_ASSIGNMENT_
Only the text of the entries below should appear in your exact transcription; leave out every picture.

_DATASET_
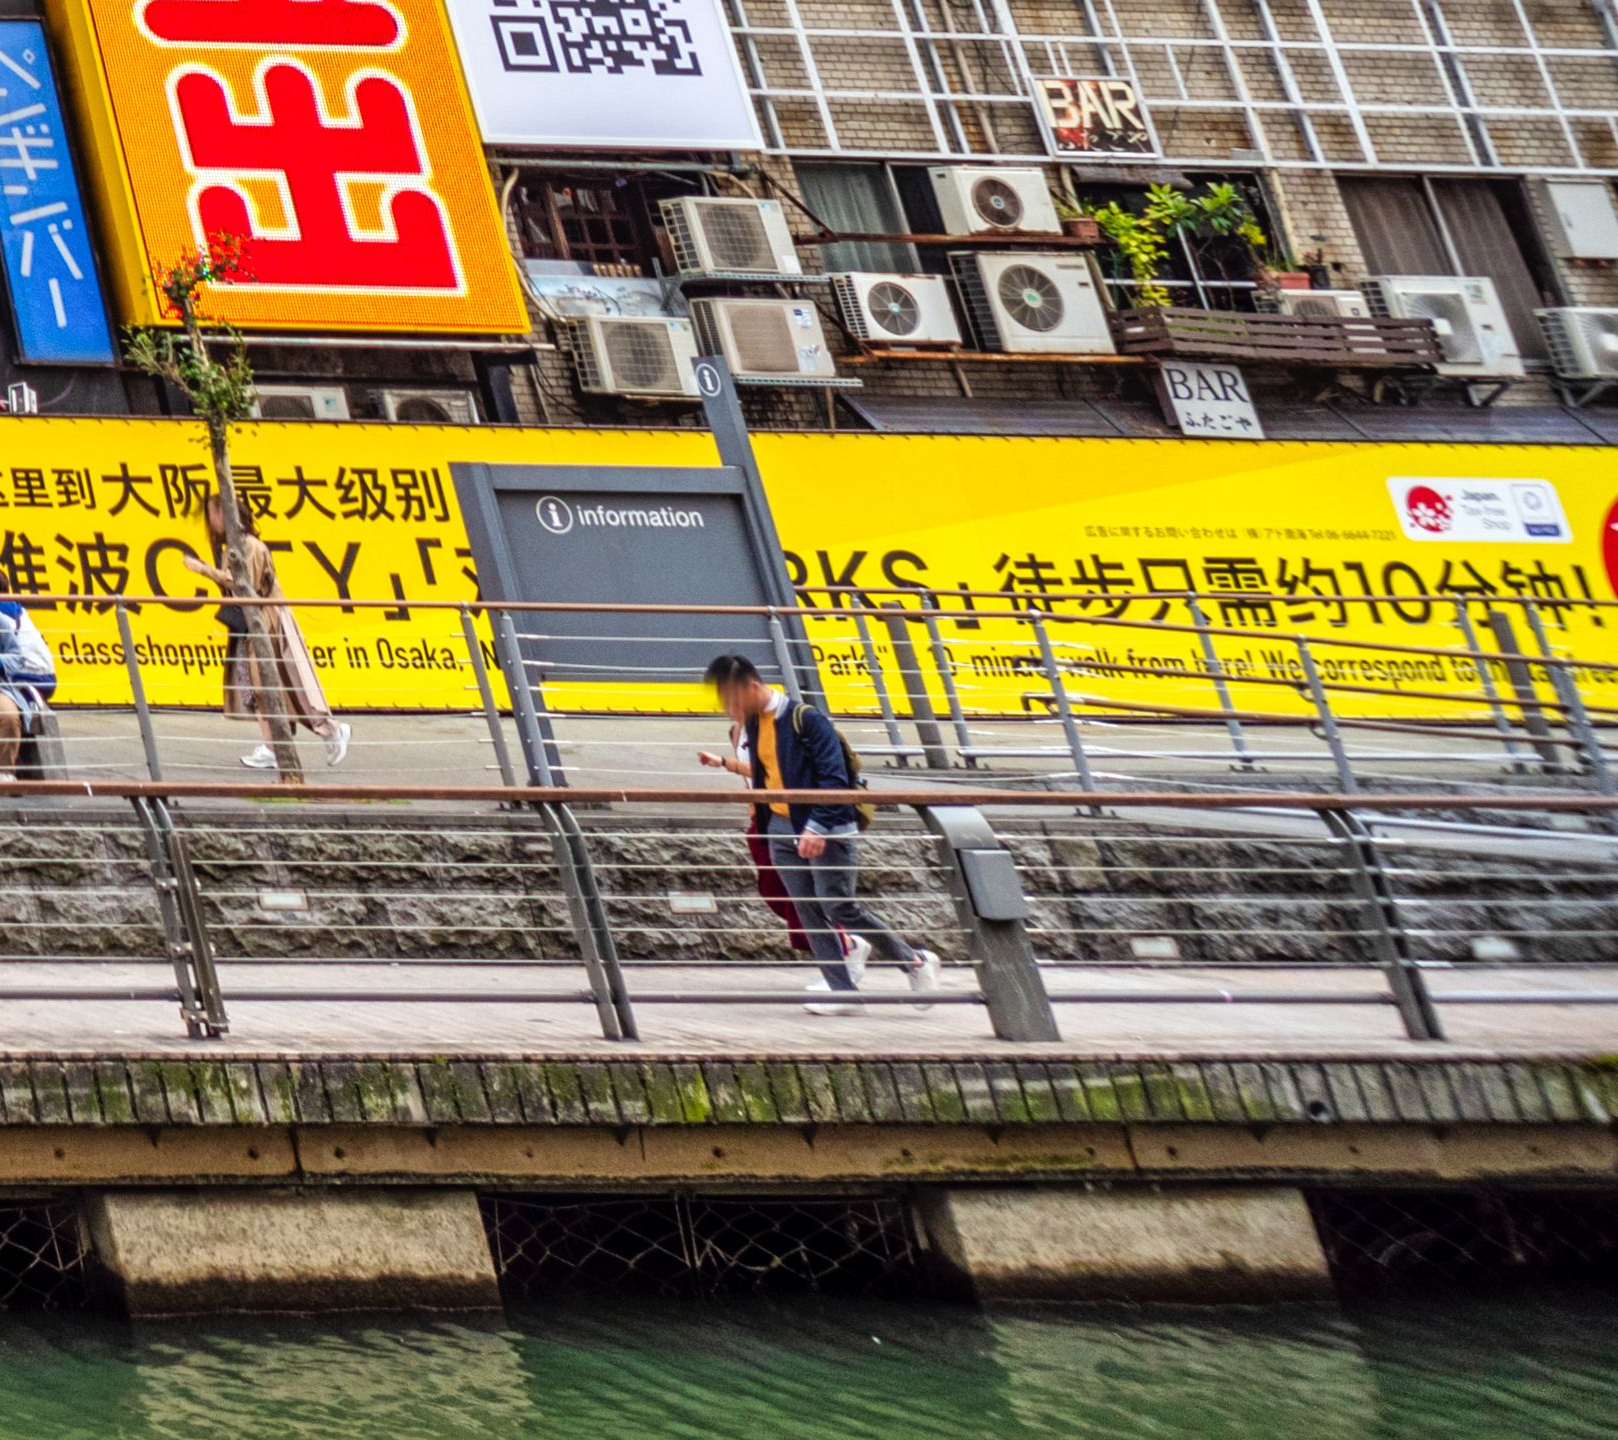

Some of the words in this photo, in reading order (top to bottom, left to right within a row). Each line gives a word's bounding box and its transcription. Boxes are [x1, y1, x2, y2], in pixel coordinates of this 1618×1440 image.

[1036, 80, 1146, 130] BAR
[1164, 369, 1250, 403] BAR
[577, 504, 704, 529] information
[58, 632, 124, 667] class
[380, 637, 465, 673] Osaka,
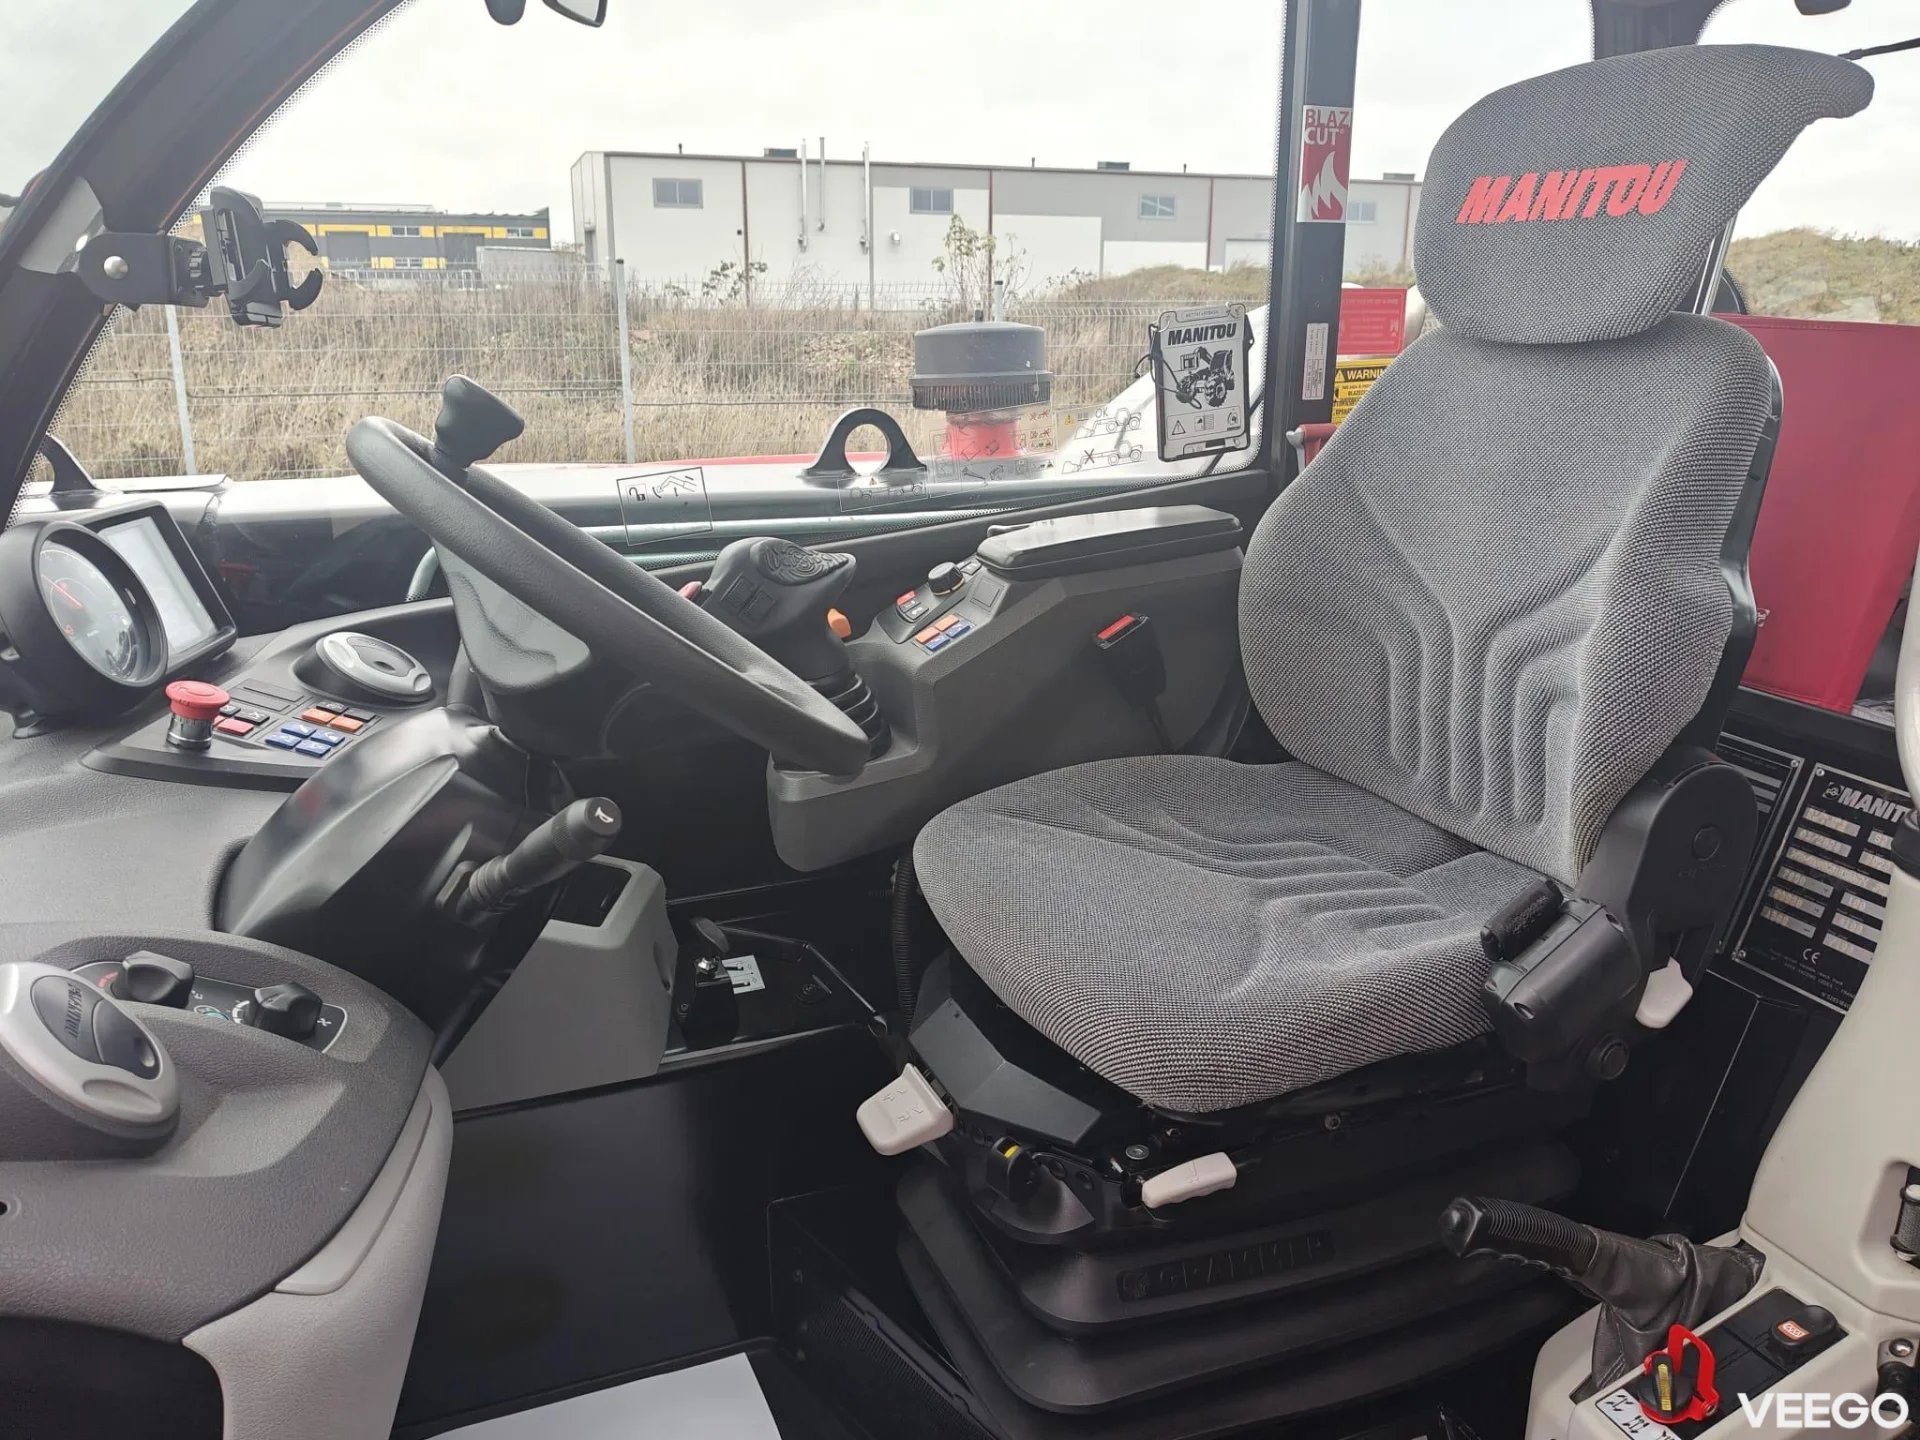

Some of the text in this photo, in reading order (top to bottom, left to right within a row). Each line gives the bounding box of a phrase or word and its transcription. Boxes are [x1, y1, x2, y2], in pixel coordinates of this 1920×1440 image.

[1305, 109, 1352, 128] BLAZ
[1304, 127, 1340, 146] CUT
[1456, 160, 1689, 226] MANITOU
[1167, 323, 1237, 346] MANITOU
[1095, 408, 1109, 419] OK
[1838, 788, 1909, 823] MANIT

_REPLY_
Some of the words in this photo, in reading order (top to bottom, left to right within a row). Each line gives a word's bounding box and its transcription. Boxes are [x1, y1, x2, y2], in pixel coordinates of this 1618×1440 image.

[1036, 80, 1146, 130] BAR
[1164, 369, 1250, 403] BAR
[577, 504, 704, 529] information
[58, 632, 124, 667] class
[380, 637, 465, 673] Osaka,

Some of the text in this photo, in reading order (top to bottom, left to right within a row). Each line gives the bounding box of a phrase or word and its transcription. Boxes are [x1, y1, x2, y2], in pixel coordinates of this 1920×1440 image.

[1305, 109, 1352, 128] BLAZ
[1304, 127, 1340, 146] CUT
[1456, 160, 1689, 226] MANITOU
[1167, 323, 1237, 346] MANITOU
[1095, 408, 1109, 419] OK
[1838, 788, 1909, 823] MANIT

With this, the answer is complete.